Images for object localization
☆ ☆ ☆ ☆
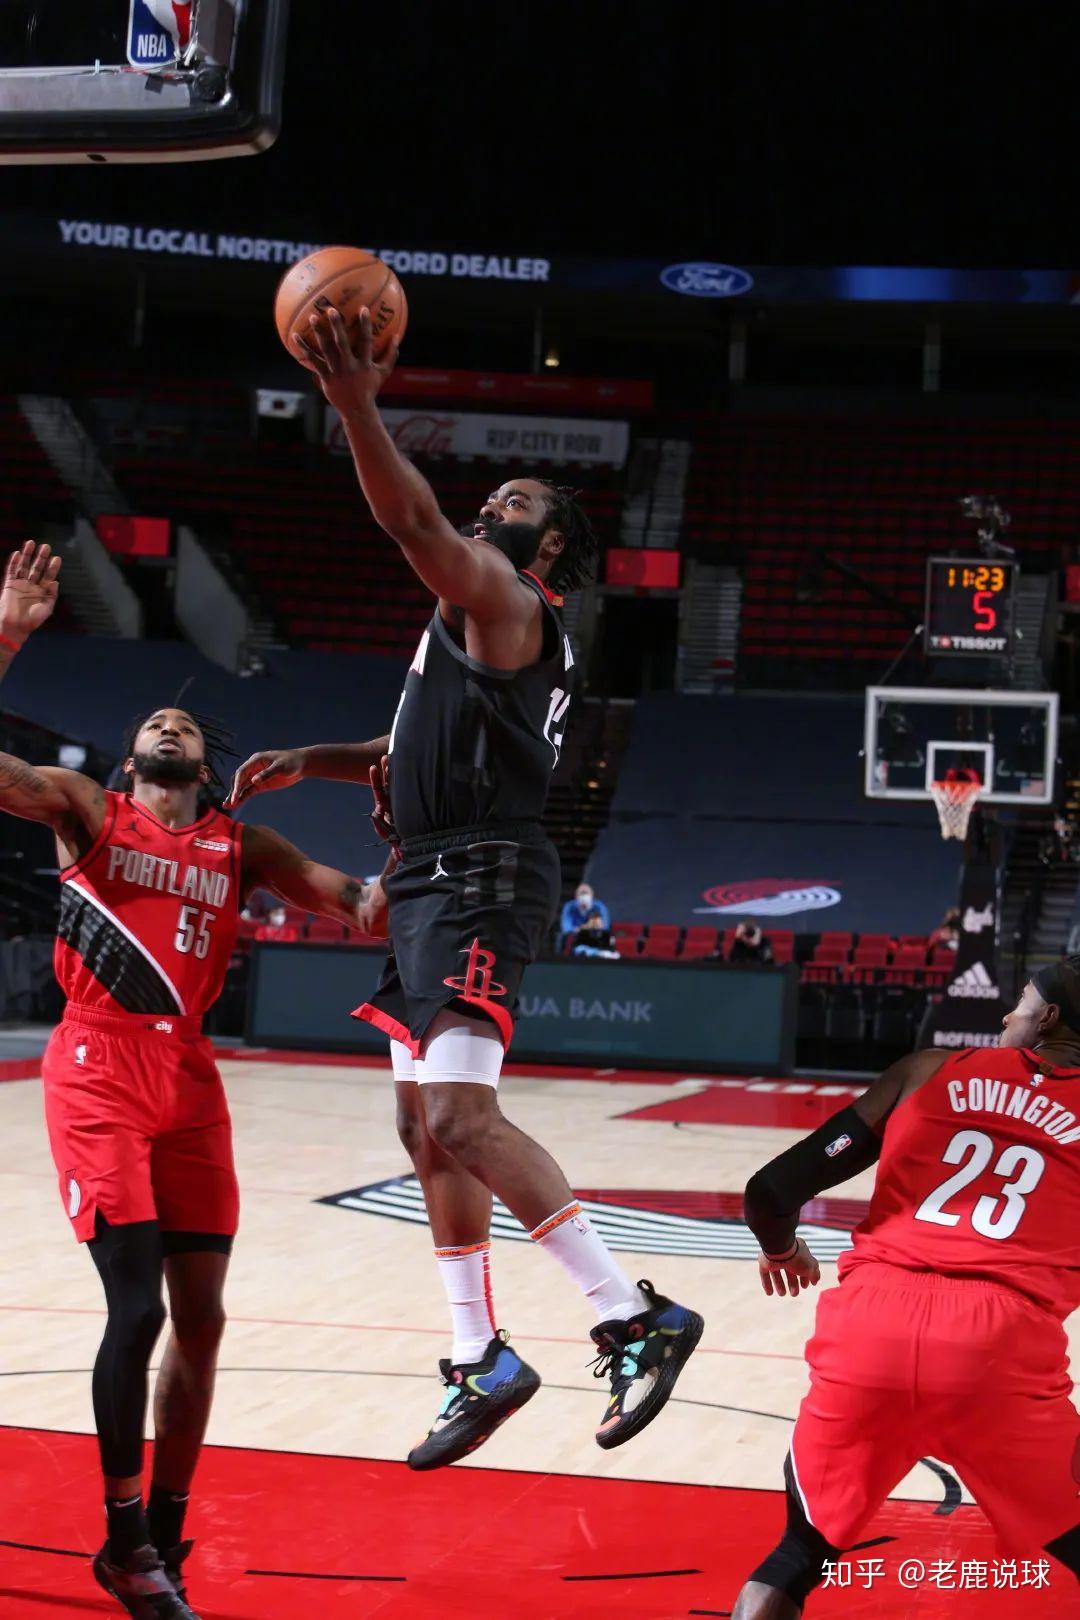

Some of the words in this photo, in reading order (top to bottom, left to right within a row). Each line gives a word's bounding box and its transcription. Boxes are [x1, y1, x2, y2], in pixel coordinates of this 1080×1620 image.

[136, 34, 168, 58] NBA
[58, 219, 130, 248] YOUR
[133, 228, 214, 256] LOCAL
[379, 250, 447, 275] FORD
[452, 254, 550, 281] DEALER
[486, 429, 518, 450] RIP
[520, 430, 559, 452] CITY
[563, 433, 603, 454] ROW
[948, 566, 1005, 591] 11:23
[973, 591, 996, 630] 5
[105, 845, 230, 909] PORTLAND
[174, 903, 217, 960] 55
[568, 997, 652, 1022] BANK
[947, 984, 1000, 999] adidas
[947, 1077, 1080, 1145] COVINGTON
[914, 1129, 1046, 1241] 23
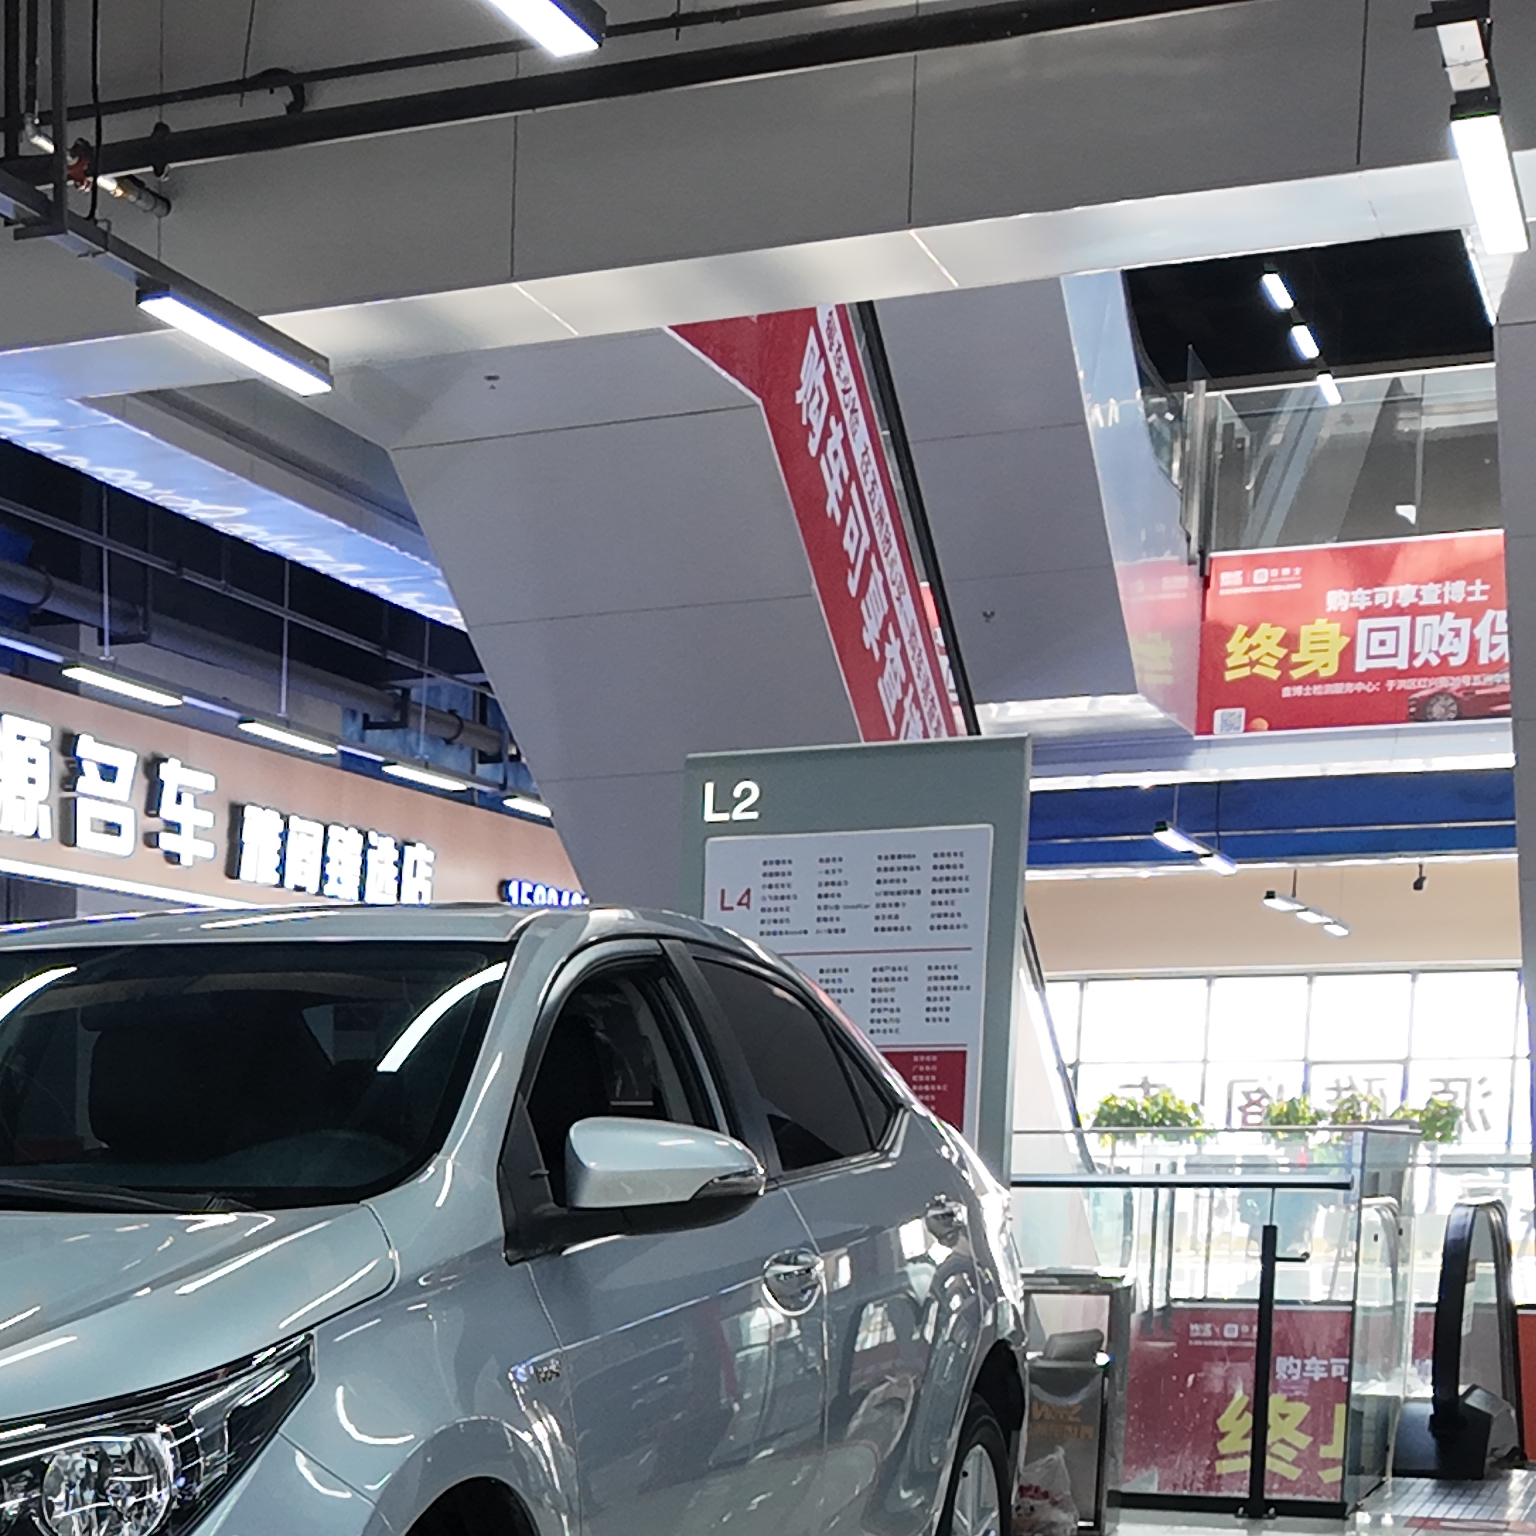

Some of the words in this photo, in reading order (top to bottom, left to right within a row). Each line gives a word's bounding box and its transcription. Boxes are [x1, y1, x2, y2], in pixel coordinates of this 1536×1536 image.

[1325, 578, 1491, 612] 购车可享查博士
[703, 780, 761, 823] L2
[720, 887, 752, 912] L4
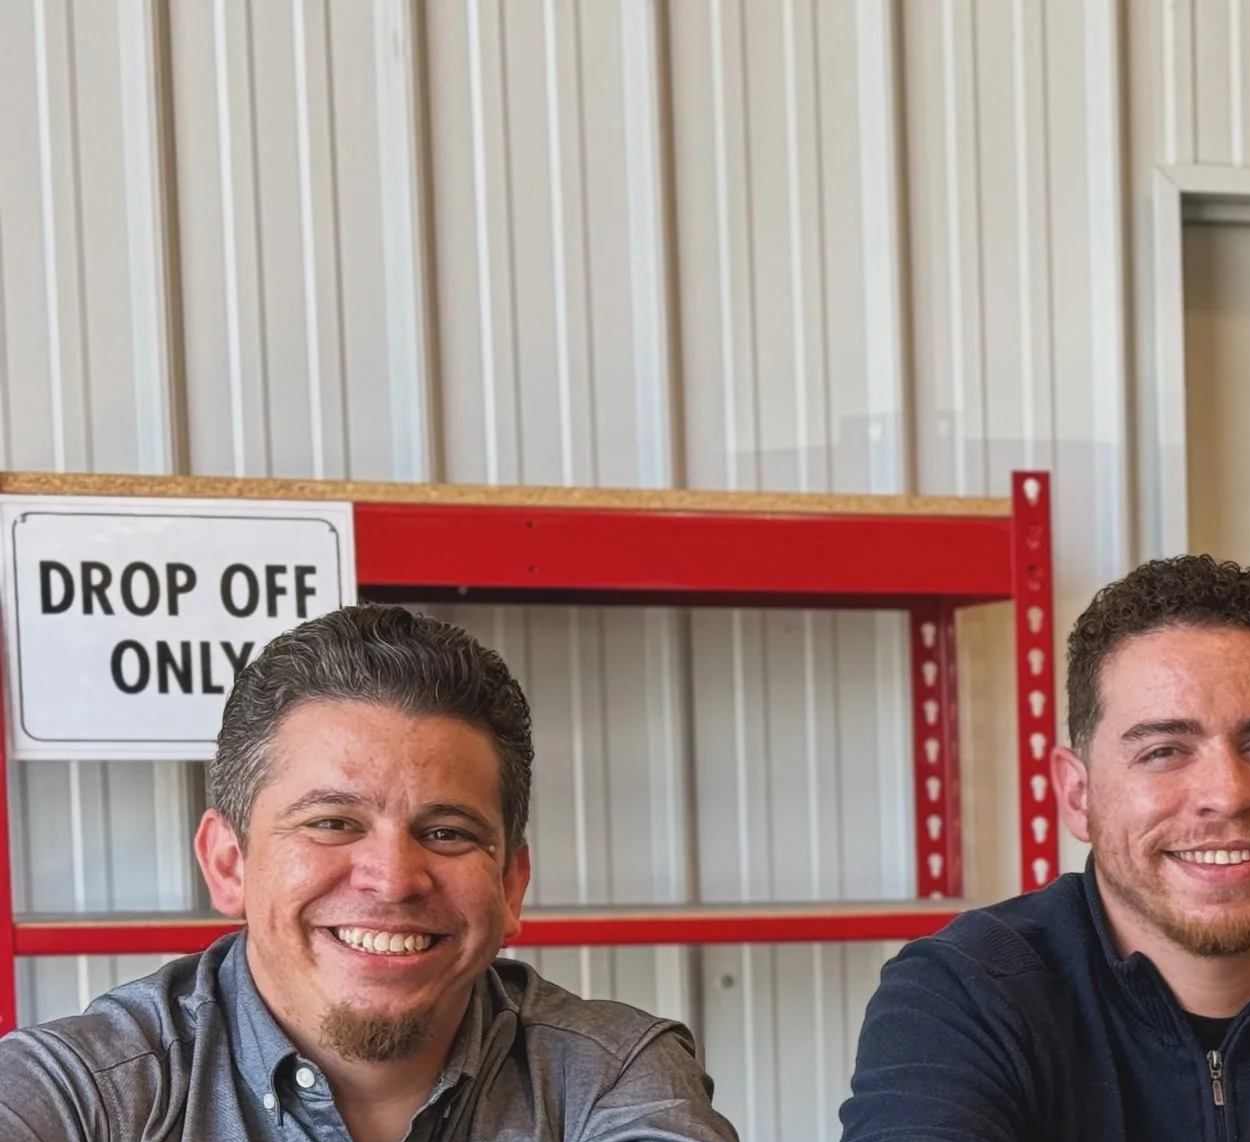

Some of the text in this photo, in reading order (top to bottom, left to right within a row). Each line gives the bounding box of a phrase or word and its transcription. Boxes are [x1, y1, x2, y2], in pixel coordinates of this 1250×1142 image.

[39, 560, 317, 619] DROP OFF
[110, 639, 255, 694] ONLY
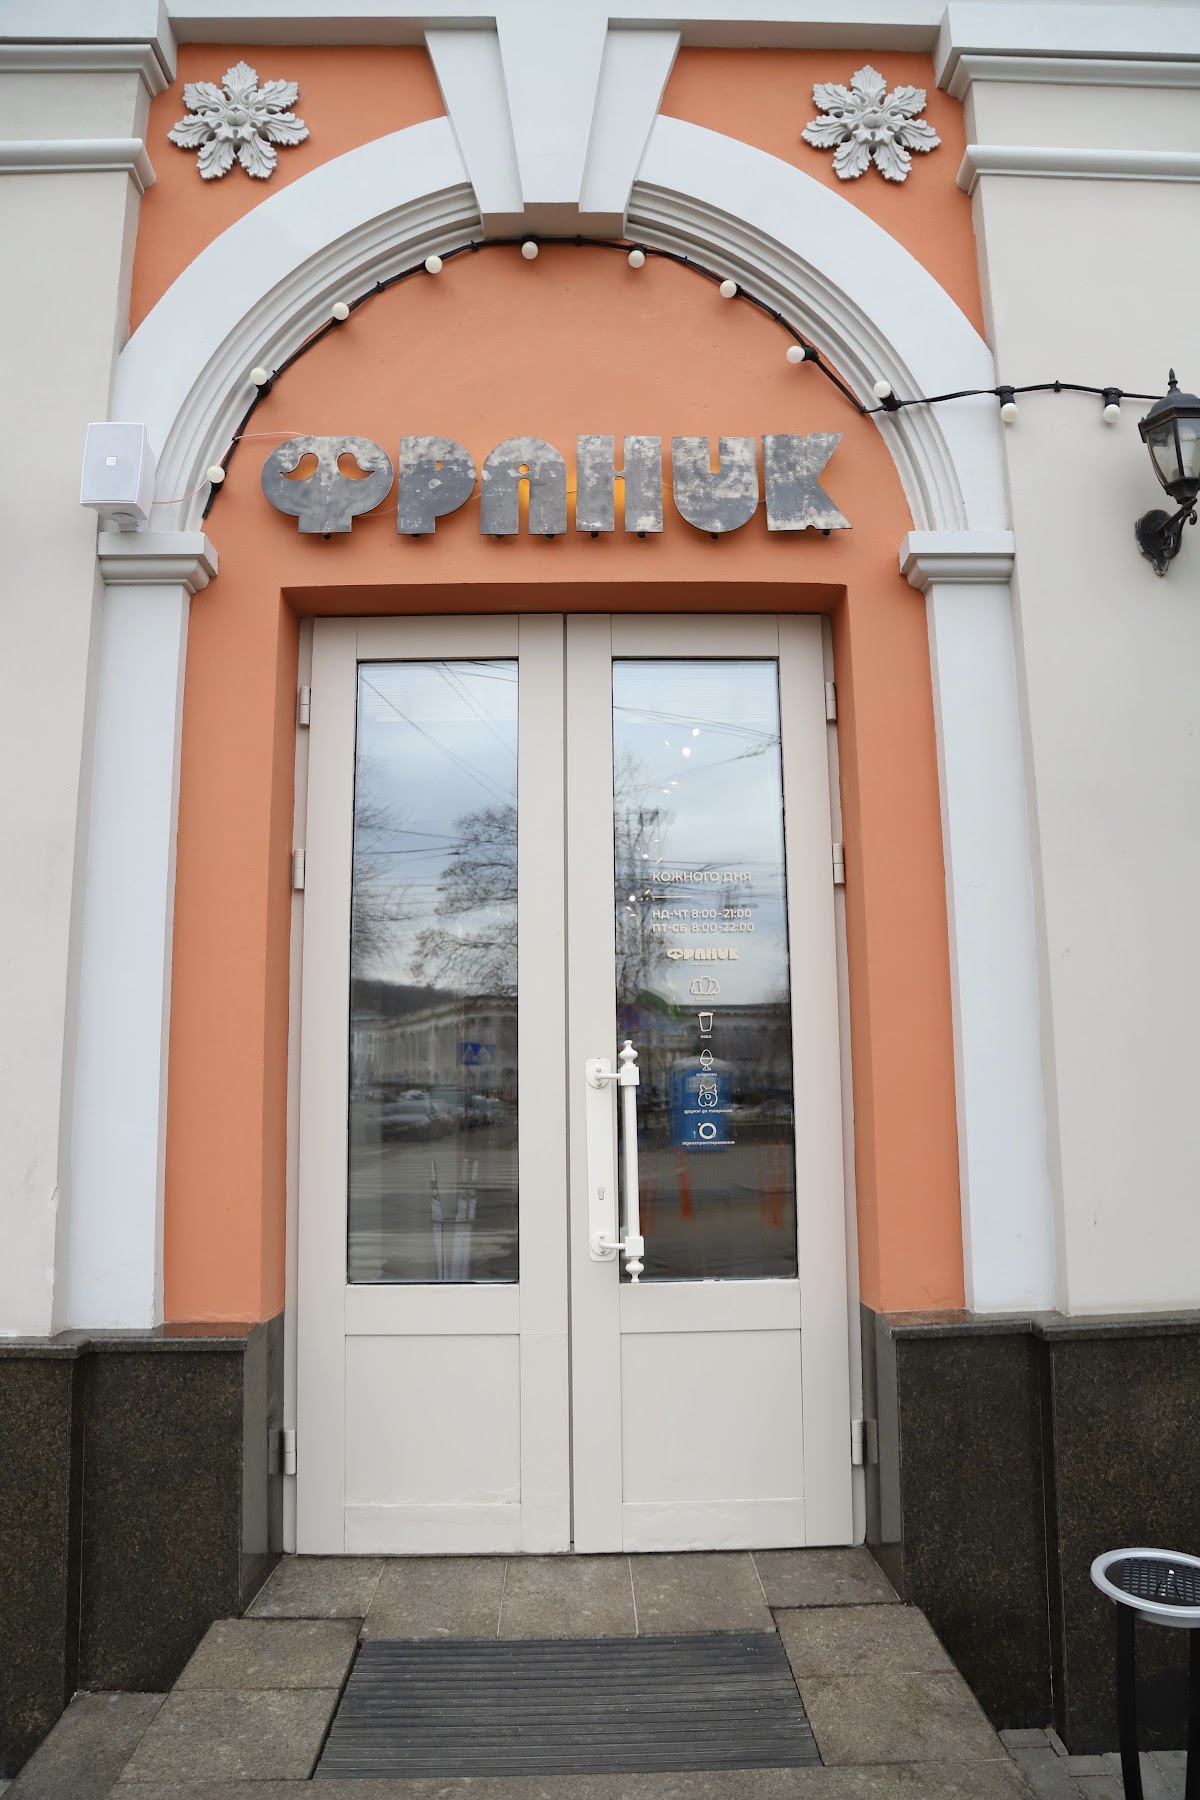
☆ ☆ ☆ ☆
Every line above goes into the copy unchanged; the pictures do not.

Some of the words in this photo, in reading order (top to bottom, left to right within a row). Each line gives a word's bounding box and its transcription. Boxes are [x1, y1, x2, y2], in pixel coordinates of this 1080×1620 image.

[136, 34, 168, 58] NBA
[58, 219, 130, 248] YOUR
[133, 228, 214, 256] LOCAL
[379, 250, 447, 275] FORD
[452, 254, 550, 281] DEALER
[486, 429, 518, 450] RIP
[520, 430, 559, 452] CITY
[563, 433, 603, 454] ROW
[948, 566, 1005, 591] 11:23
[973, 591, 996, 630] 5
[105, 845, 230, 909] PORTLAND
[174, 903, 217, 960] 55
[568, 997, 652, 1022] BANK
[947, 984, 1000, 999] adidas
[947, 1077, 1080, 1145] COVINGTON
[914, 1129, 1046, 1241] 23

Some of the words in this photo, in reading order (top to bottom, left to right within a row). Each line gives a word's bounding box and its transcription. Boxes are [x1, y1, x2, y2], in pixel coordinates of this 1536×1536 image.

[1325, 578, 1491, 612] 购车可享查博士
[703, 780, 761, 823] L2
[720, 887, 752, 912] L4

Some of the text in this photo, in reading order (top to bottom, left to right within a row). Each line gives the bounding box of a phrase or word and its transcription. Boxes are [x1, y1, x2, y2], in pixel coordinates of this 1250×1142 image.

[39, 560, 317, 619] DROP OFF
[110, 639, 255, 694] ONLY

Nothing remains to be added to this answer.